French colonists in the Colonial United States wore European fashions from the land of their origin. The pilgrims of Plymouth Colony adopted the new English fashion of King Charles I, the falling band collar made of lace or linen. Men's attire consisted of a linen undergarment, a padded button-down doublet with long sleeves, sometimes worn with cloth collars and white cuffs that contrasted with dark colored garments, baggy knee length breeches, and knee-length stockings of cotton or wool. Felt hats were worn at all times, even indoors. This was a standard set by the men at that time because, in those days, the men were extremely embarrassed of balding. Women wore a short-sleeved linen undergarment tied with ribbons, stays, ankle length petticoats (sometimes multiple layers), a fitted gown or fitted button down bodice (sleeves could be sewn on or attached at the shoulder with a ribbon) with an ankle length skirt, stockings, and aprons. Pilgrim women always wore their hair pulled back and covered with a cap called a coif.

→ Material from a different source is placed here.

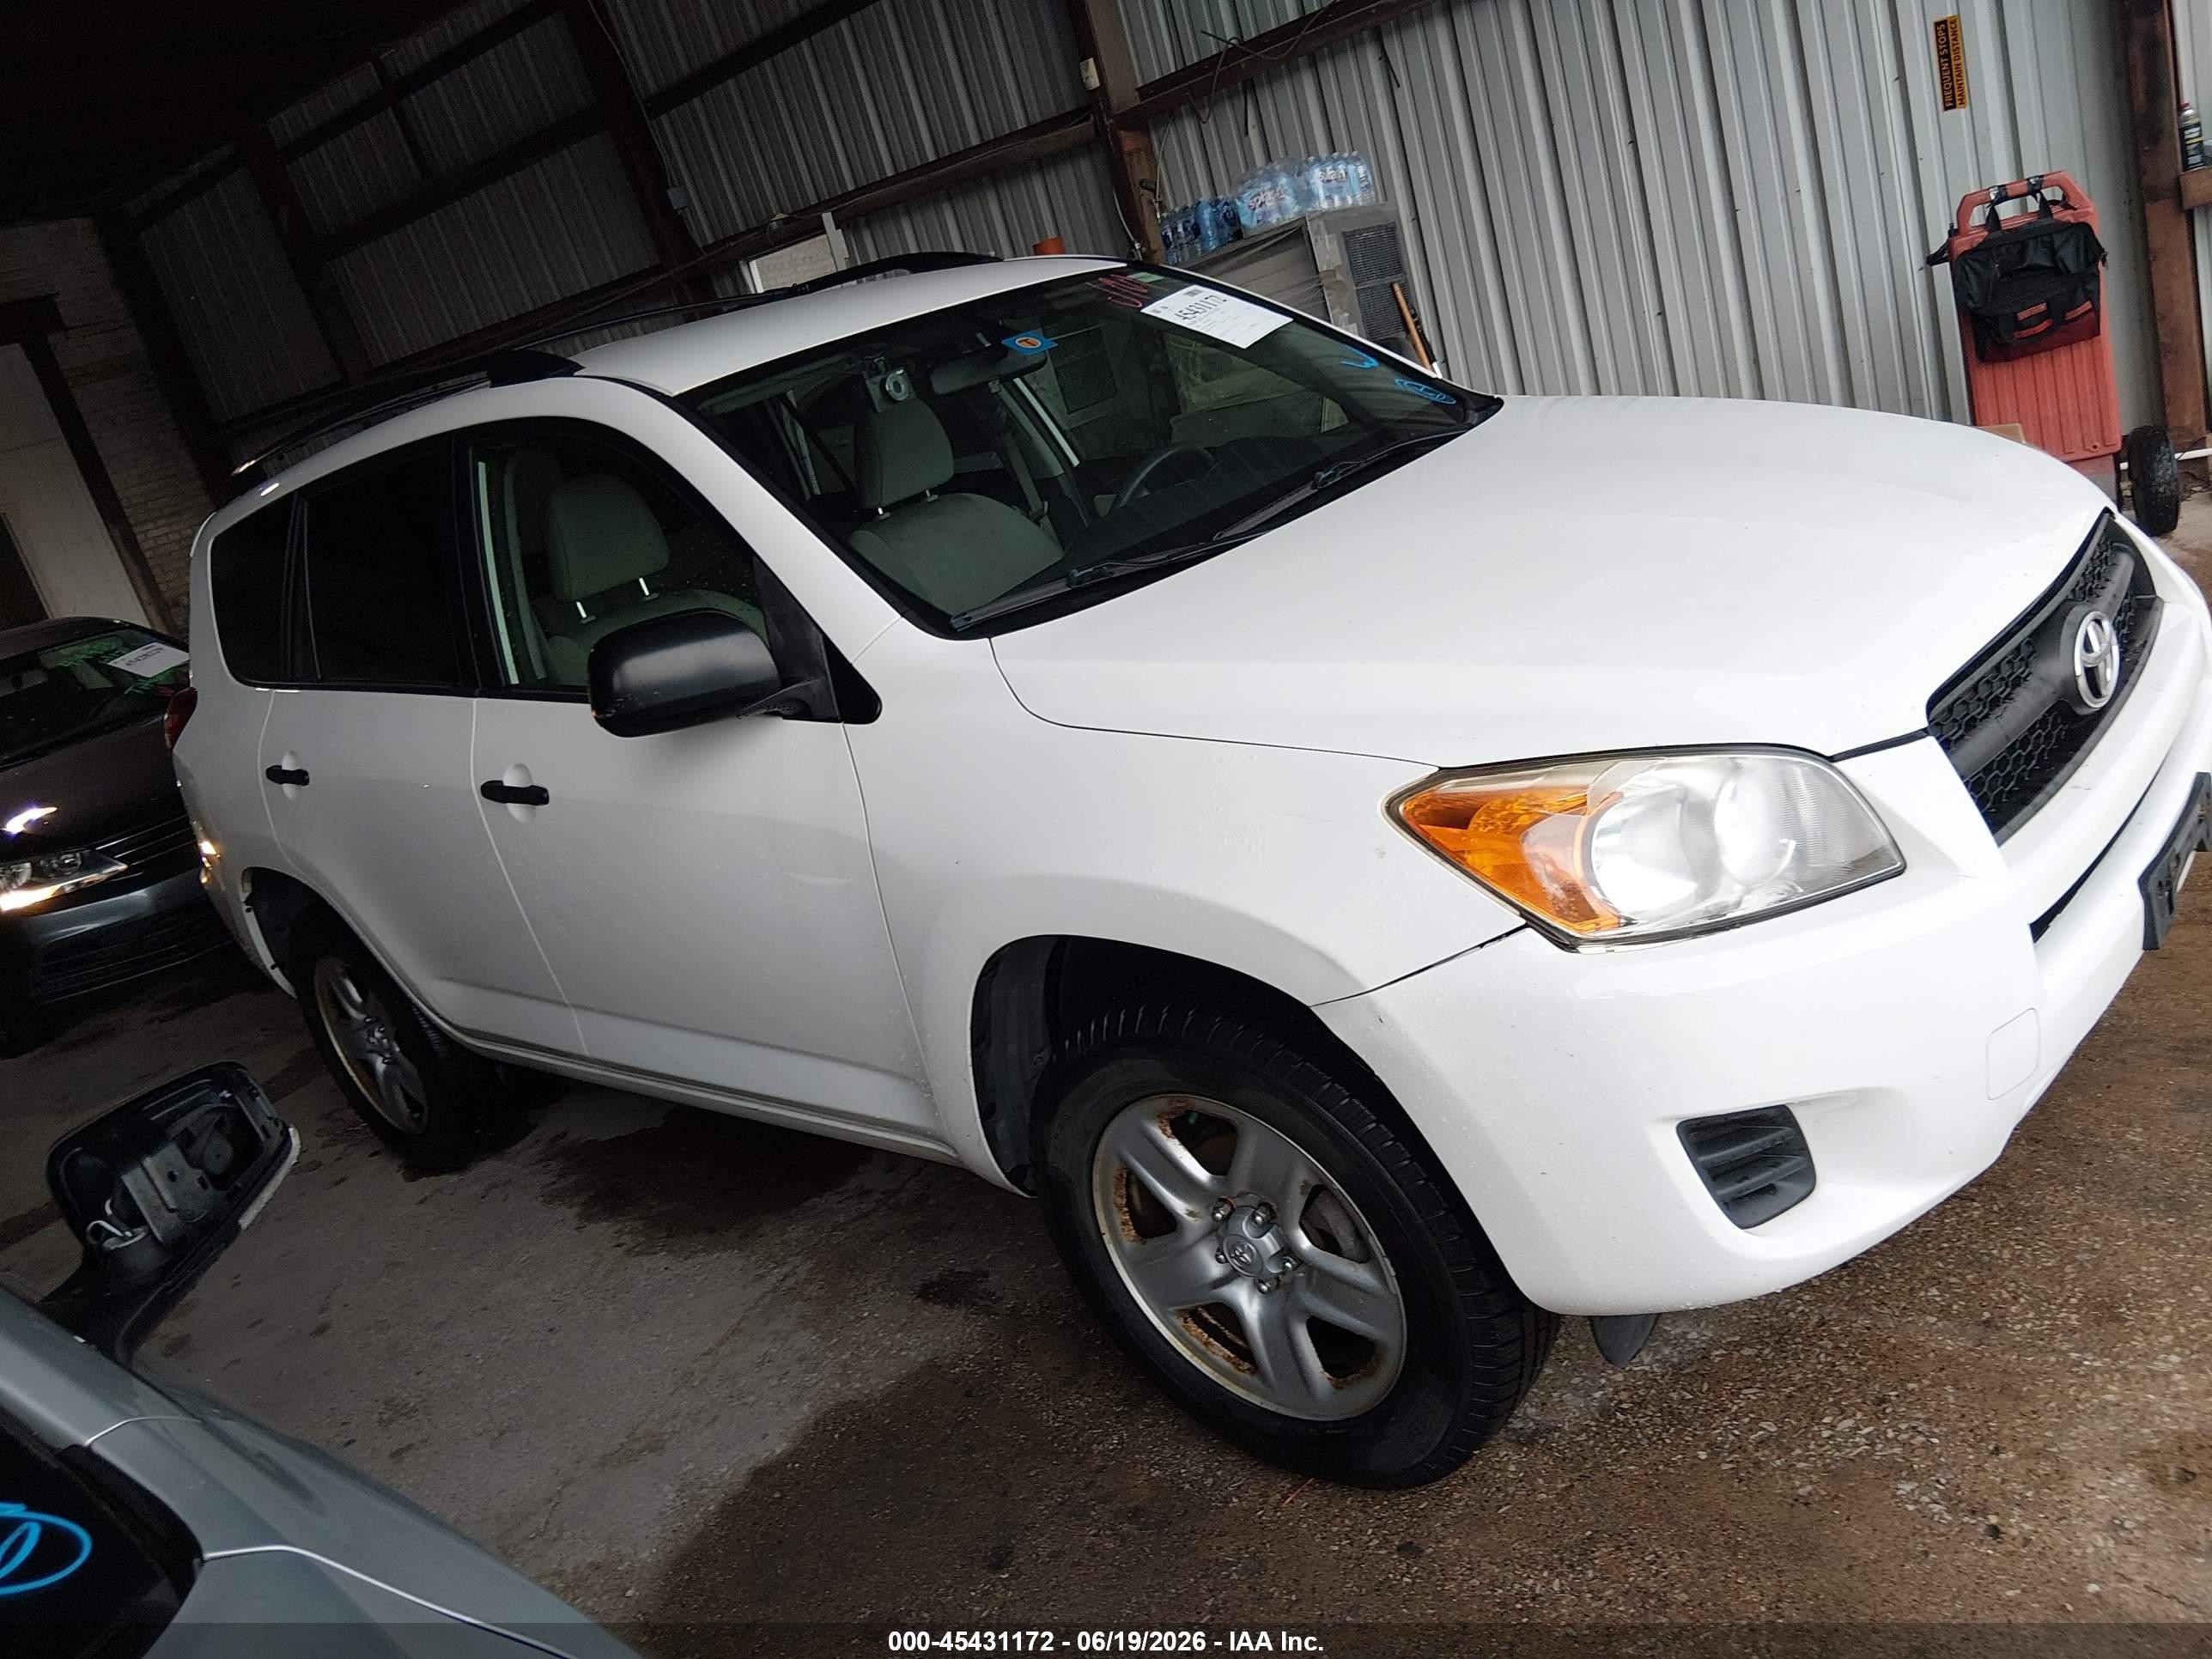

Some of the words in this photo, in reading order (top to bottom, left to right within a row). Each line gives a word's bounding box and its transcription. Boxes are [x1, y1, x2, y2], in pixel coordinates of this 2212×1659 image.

Sumptuary laws in colonial Massachusetts forbade lace, embroidery, ruffs and gold thread in 1634. Perfumed gloves, decorative shoe ornaments, beaver fur hats, and multiple pearl necklaces and rings were also not allowed. Additional restrictions were added in 1639 requiring poorer colonists to dress according to their station, forbidding silk scarves and other finery. Loose hair and short sleeves were banned. During the Salem Witch Trials, Bridget Bishop was accused of witchcraft for her "showy costume". Her dress, black with a red bodice, and decorated with multi-colored threads, was admitted as evidence against her. Further evidence revealed that she had asked the town dyer to dye "sundry pieces of lace" that were said to be of "long and immodest shapes".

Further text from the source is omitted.